Could you print the lines below exactly, from the one holding "Some of the words" through the last line, with no other output?

(Saved data entries)
········
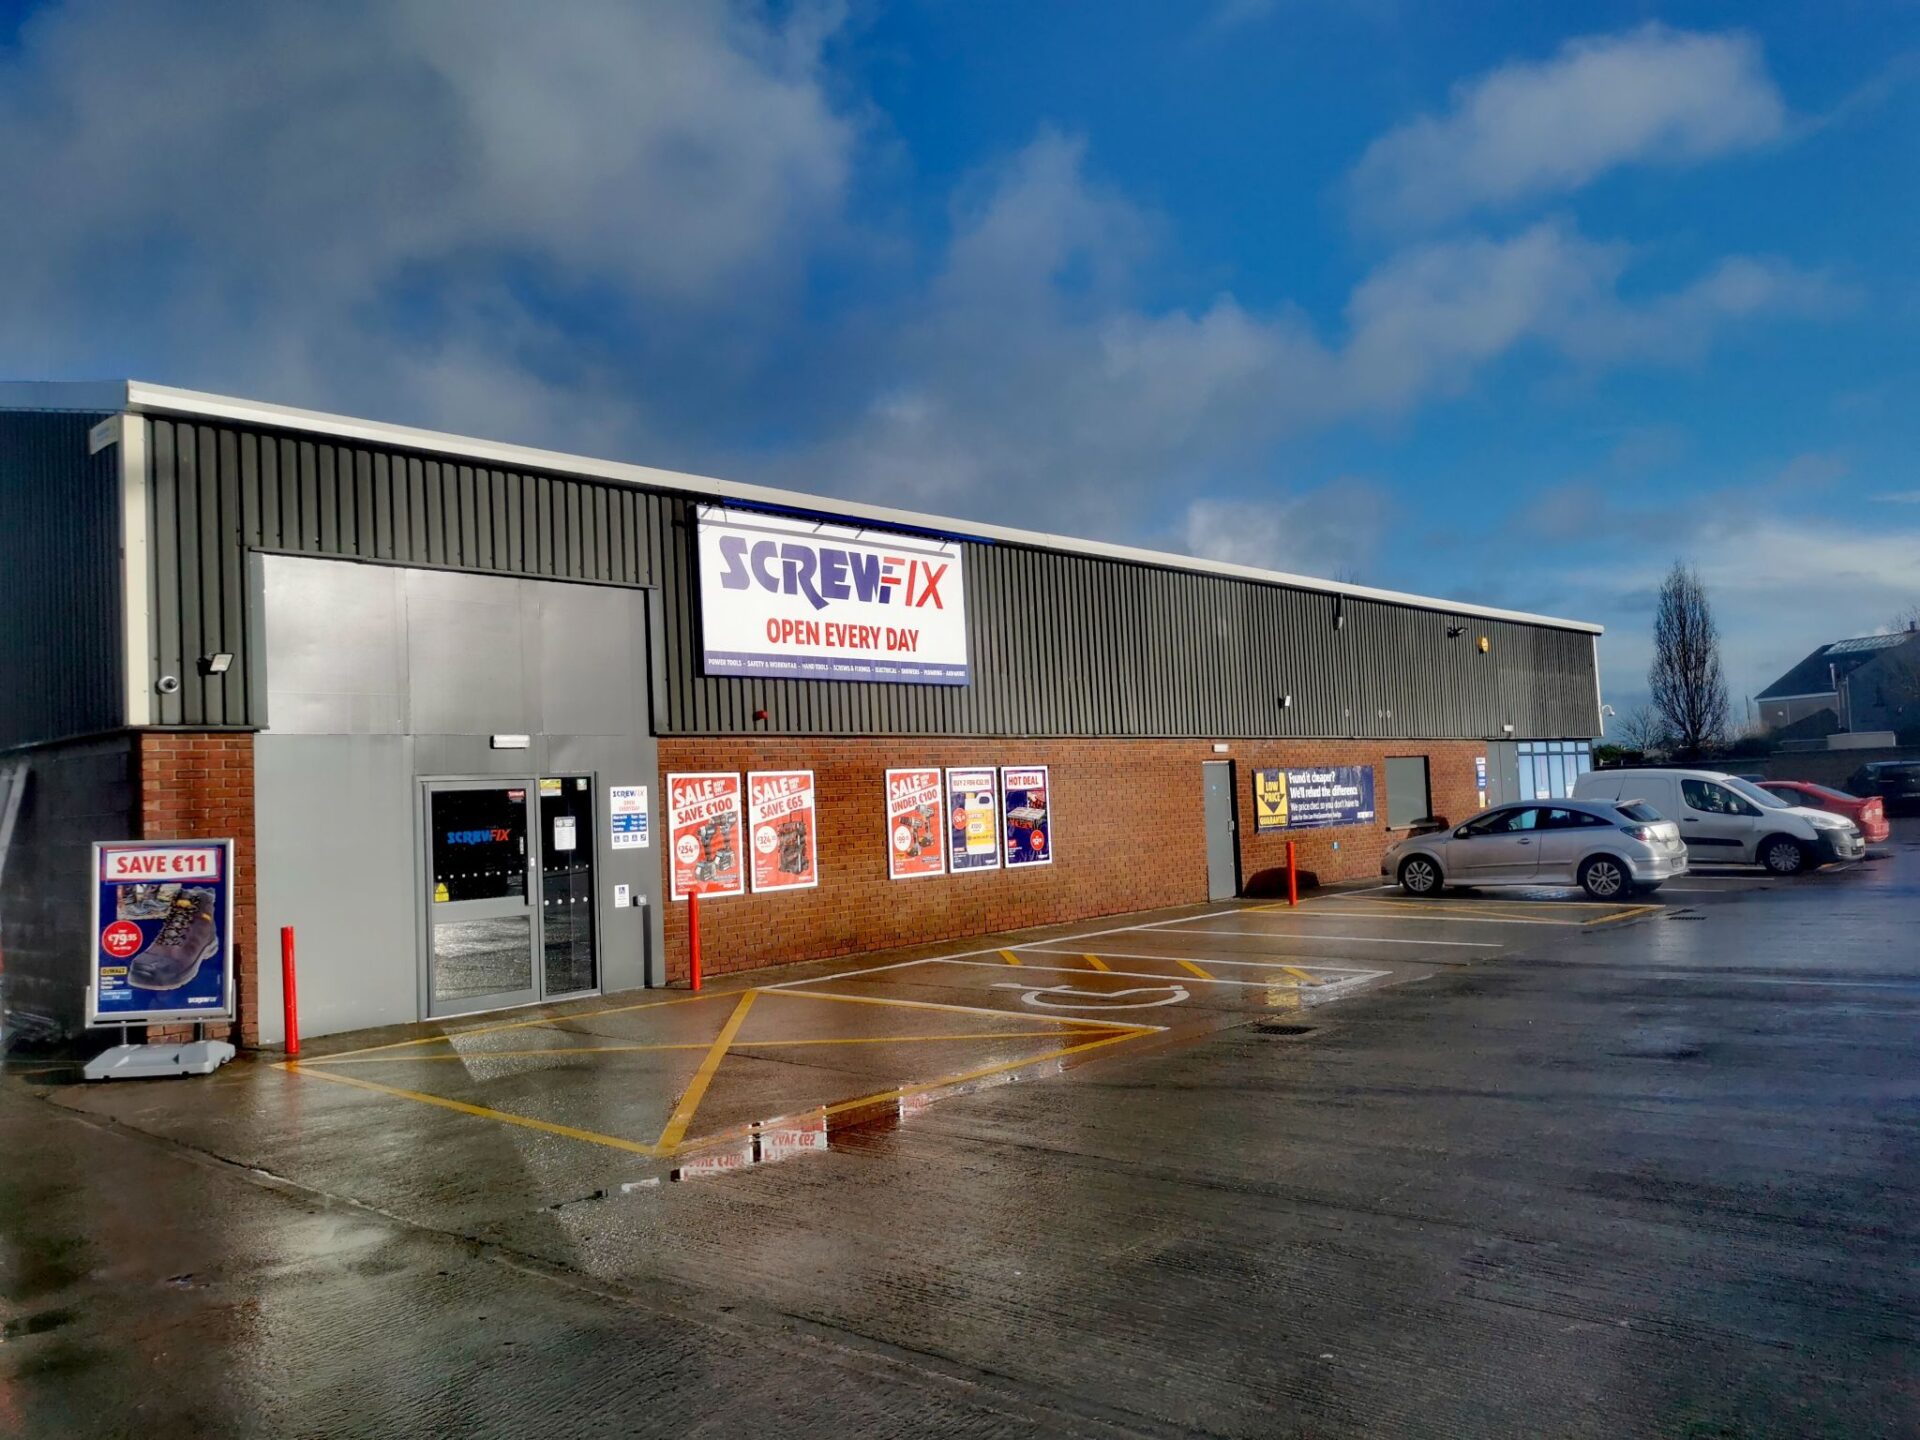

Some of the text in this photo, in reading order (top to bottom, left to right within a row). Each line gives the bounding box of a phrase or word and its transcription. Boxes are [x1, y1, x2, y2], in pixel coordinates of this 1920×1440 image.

[719, 535, 948, 610] SCREWFIX
[766, 618, 919, 652] OPEN EVERY DAY
[708, 658, 742, 667] POWER TOOLS
[891, 774, 921, 799] SALE
[1008, 775, 1039, 786] HOT DEAL
[1265, 781, 1279, 792] LOW
[1288, 772, 1306, 784] Found
[1311, 770, 1336, 784] cheaper?
[674, 779, 714, 809] SALE
[753, 777, 791, 805] SALE
[891, 789, 938, 812] UNDER €100
[1264, 792, 1281, 802] PRICE
[1289, 786, 1305, 799] We'll
[1321, 786, 1331, 797] the
[677, 797, 733, 825] SAVE €100
[760, 795, 804, 819] SAVE €65
[447, 828, 512, 845] SCREWFIX
[117, 854, 206, 874] SAVE €11
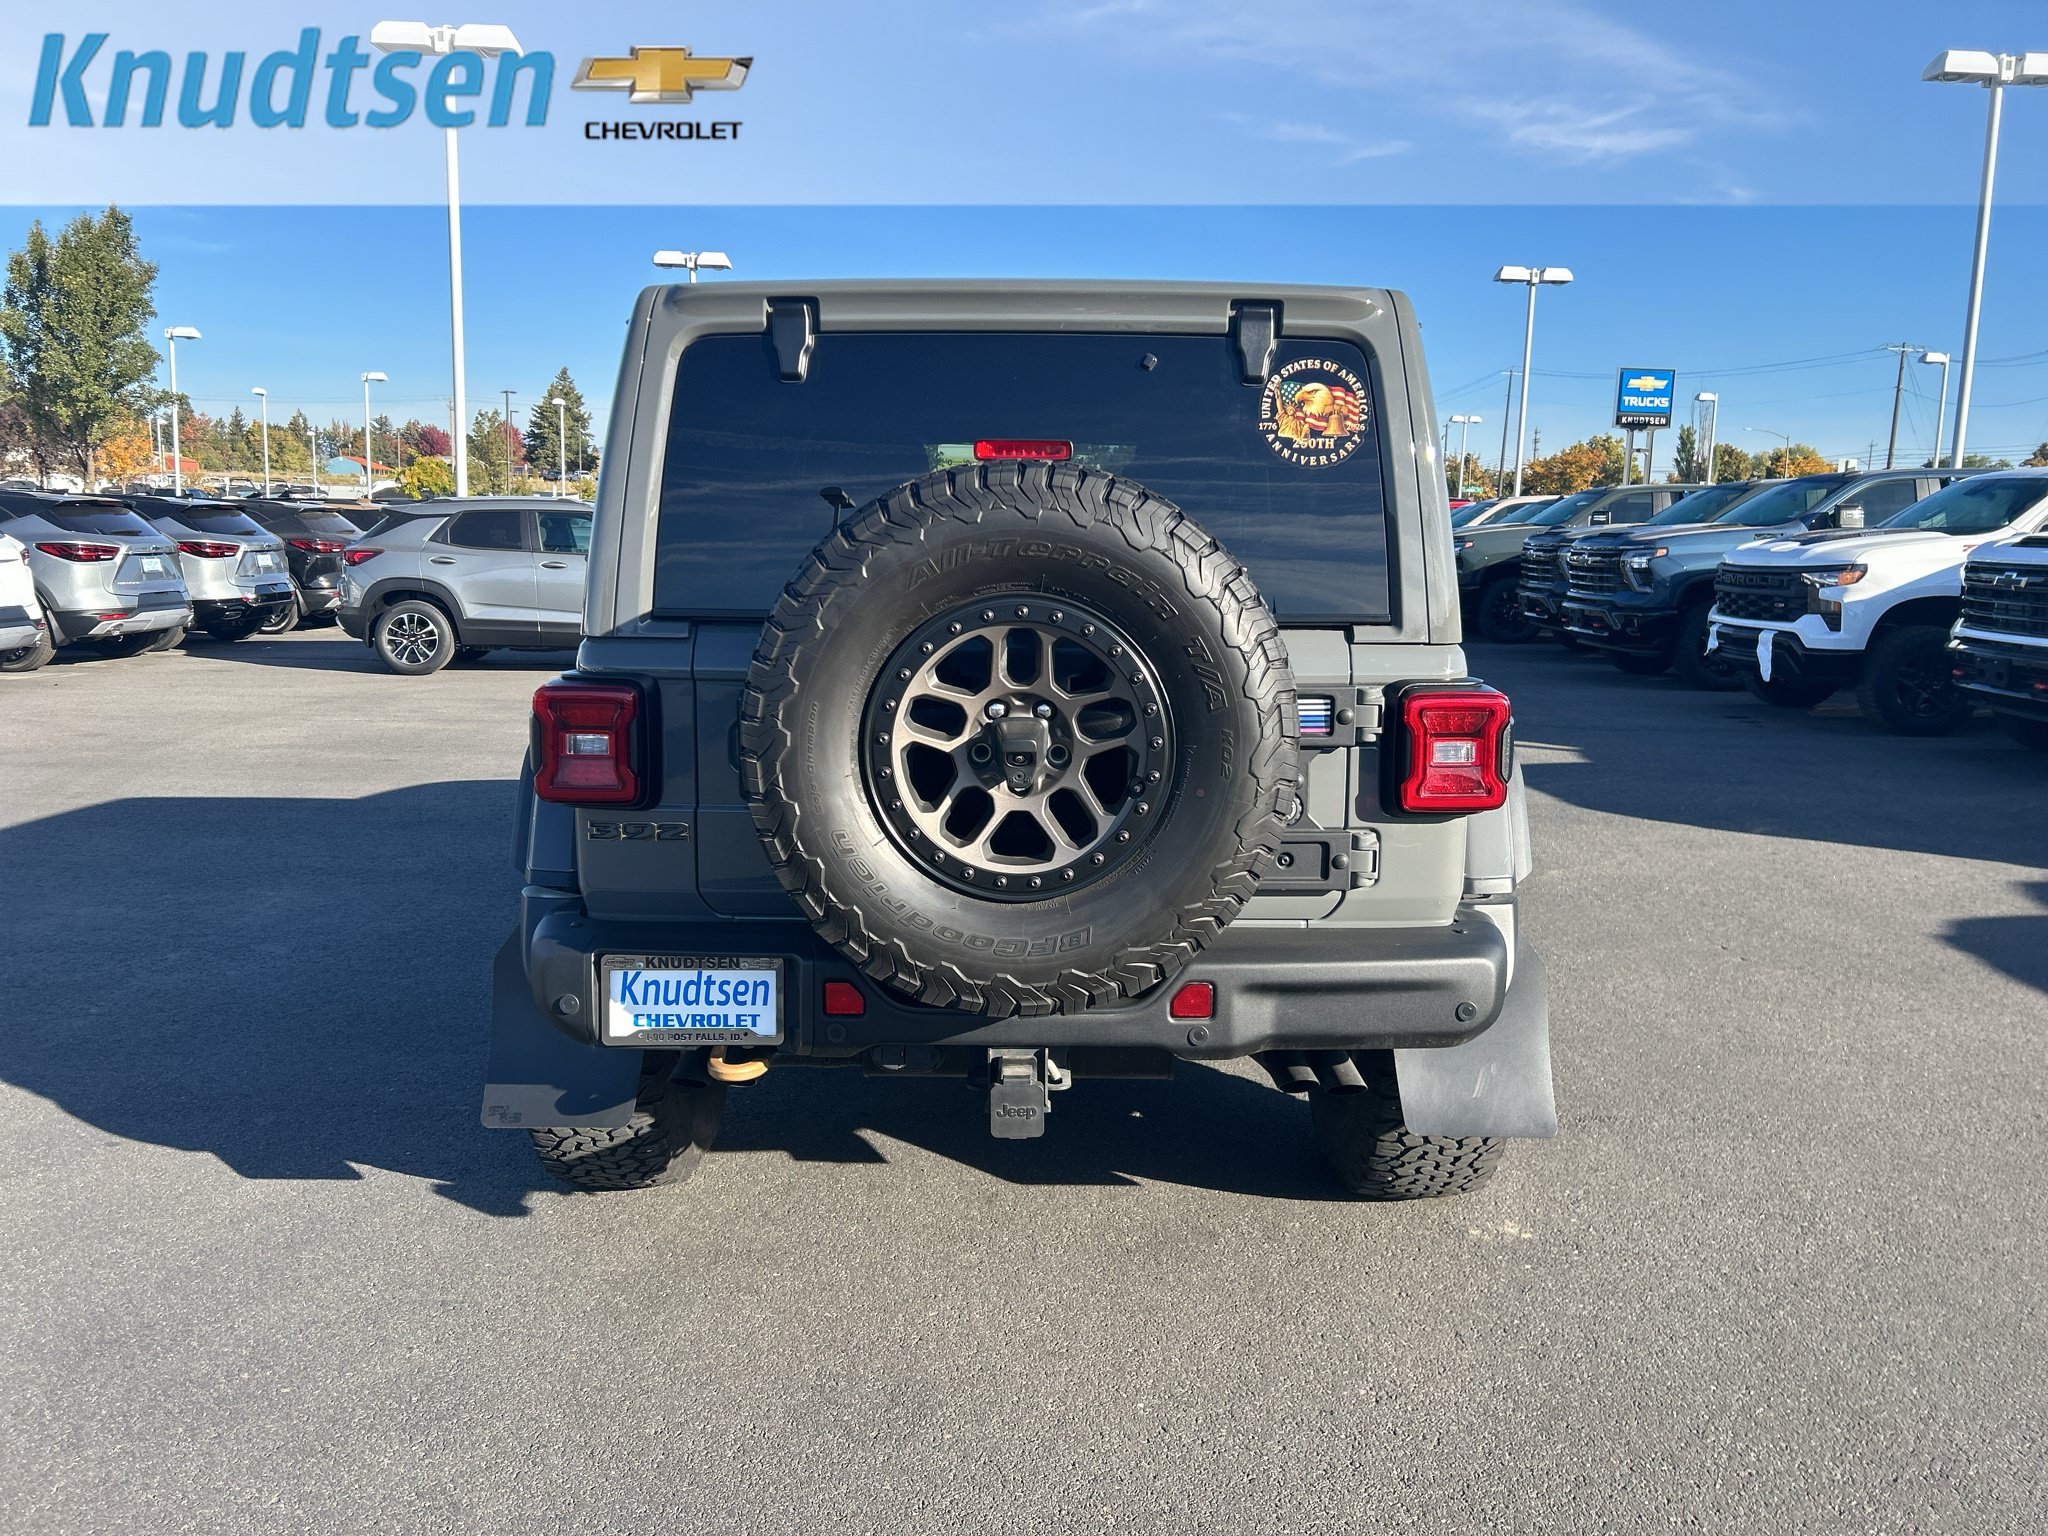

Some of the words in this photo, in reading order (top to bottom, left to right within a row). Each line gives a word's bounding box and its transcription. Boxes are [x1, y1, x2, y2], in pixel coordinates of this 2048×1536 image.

[1261, 374, 1282, 419] UNITED
[1280, 359, 1321, 378] STATES
[1323, 360, 1339, 373] OF
[1337, 368, 1368, 422] AMERICA
[1623, 395, 1670, 408] TRUCKS
[1258, 422, 1278, 431] 1776
[1346, 422, 1366, 431] 2026
[1621, 416, 1667, 425] KNUDTSEN
[1265, 433, 1361, 466] ANNIVERSARY
[1292, 437, 1335, 449] 250TH
[1185, 634, 1229, 712] T/A
[587, 820, 690, 842] 392
[831, 829, 1093, 958] BFGoodrich
[645, 956, 741, 969] KNUDTSEN
[620, 970, 770, 1007] Knudtsen
[633, 1013, 761, 1028] CHEVROLET
[667, 1032, 692, 1041] POST
[996, 1104, 1037, 1120] Jeep
········
→ **SOLVED PROBLEM**:
Some of the words in this photo, in reading order (top to bottom, left to right within a row). Each line gives a word's bounding box and its transcription. Boxes are [x1, y1, x2, y2], in pixel coordinates of this 2048×1536 image.

[1261, 374, 1282, 419] UNITED
[1280, 359, 1321, 378] STATES
[1323, 360, 1339, 373] OF
[1337, 368, 1368, 422] AMERICA
[1623, 395, 1670, 408] TRUCKS
[1258, 422, 1278, 431] 1776
[1346, 422, 1366, 431] 2026
[1621, 416, 1667, 425] KNUDTSEN
[1265, 433, 1361, 466] ANNIVERSARY
[1292, 437, 1335, 449] 250TH
[1185, 634, 1229, 712] T/A
[587, 820, 690, 842] 392
[831, 829, 1093, 958] BFGoodrich
[645, 956, 741, 969] KNUDTSEN
[620, 970, 770, 1007] Knudtsen
[633, 1013, 761, 1028] CHEVROLET
[667, 1032, 692, 1041] POST
[996, 1104, 1037, 1120] Jeep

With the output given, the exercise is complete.